Institute of Clinical Physiology, CNR, San Cataldo Research Area, via Moruzzi, 1, 56124 Pisa, Italy.
Center for Micro-BioRobotics@SSSA, Fondazione Istituto Italiano di Tecnologia, Viale Rinaldo piaggio 34, 56025 Pontedera (Pisa), Italy.
Colloids Surf B Biointerfaces. 2013 Nov 1;111:142-9. doi: 10.1016/j.colsurfb.2013.05.031. Epub 2013 May 25.
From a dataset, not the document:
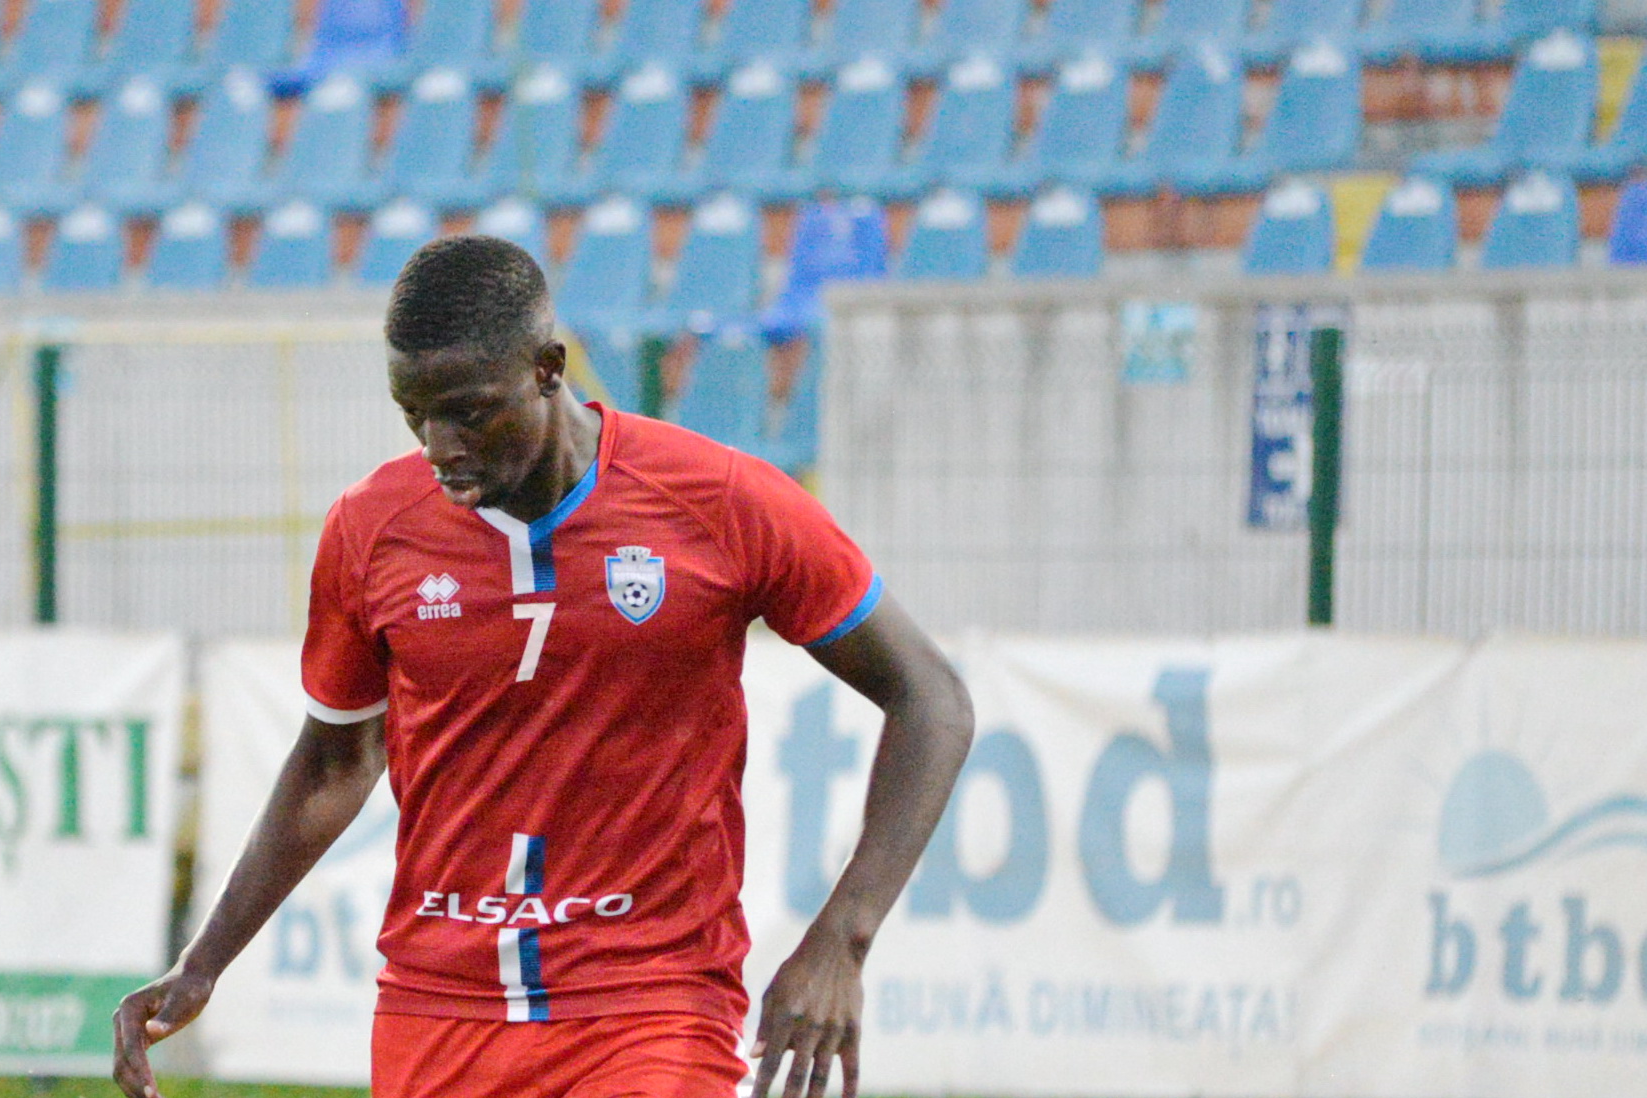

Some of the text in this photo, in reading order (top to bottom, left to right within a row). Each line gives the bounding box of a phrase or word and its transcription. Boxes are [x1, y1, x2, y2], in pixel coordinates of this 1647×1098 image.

Boron nitride nanotubes (BNNTs) are intriguing nanomaterials with a wide range of potential biomedical applications. The assessment of BNNT interactions with biological systems, at both the cellular and subcellular levels, is an essential starting point for determining their bio-safety. We explore the effects of increasing concentrations of GC-BNNTs (0-100 μg/mL) on human vein endothelial cells (HUVECs), testing cell toxicity, proliferation, cytoskeleton integrity, cell activation and DNA damage. No significant changes were observed in cell viability, cytoskeleton integrity or DNA damage. Only a modest reduction in cell viability, tested by trypan blue assay, and the increased expression of vascular adhesion molecule-1, a marker of cell activation, were detected at the highest concentration used (100 μg/mL). Taken together, these findings indicate that GC-BNNTs do not affect endothelial cell biology, and are a promising first step in further investigation of their application potential in vascular targeting, imaging, and drug delivery.
氮化硼纳米管(BNNTs)是一种具有广泛潜在生物医学应用的有趣纳米材料。评估 BNNT 与细胞和亚细胞水平的生物系统的相互作用,是确定其生物安全性的重要起点。我们研究了浓度不断增加的 GC-BNNTs(0-100μg/mL)对人静脉内皮细胞(HUVECs)的影响,检测细胞毒性、增殖、细胞骨架完整性、细胞激活和 DNA 损伤。细胞活力、细胞骨架完整性或 DNA 损伤没有明显变化。仅在使用的最高浓度(100μg/mL)下,通过台盼蓝检测到细胞活力略有下降,以及血管黏附分子-1(一种细胞激活标志物)的表达增加。总的来说,这些发现表明 GC-BNNTs 不会影响内皮细胞生物学,并且是进一步研究其在血管靶向、成像和药物输送中的应用潜力的有希望的第一步。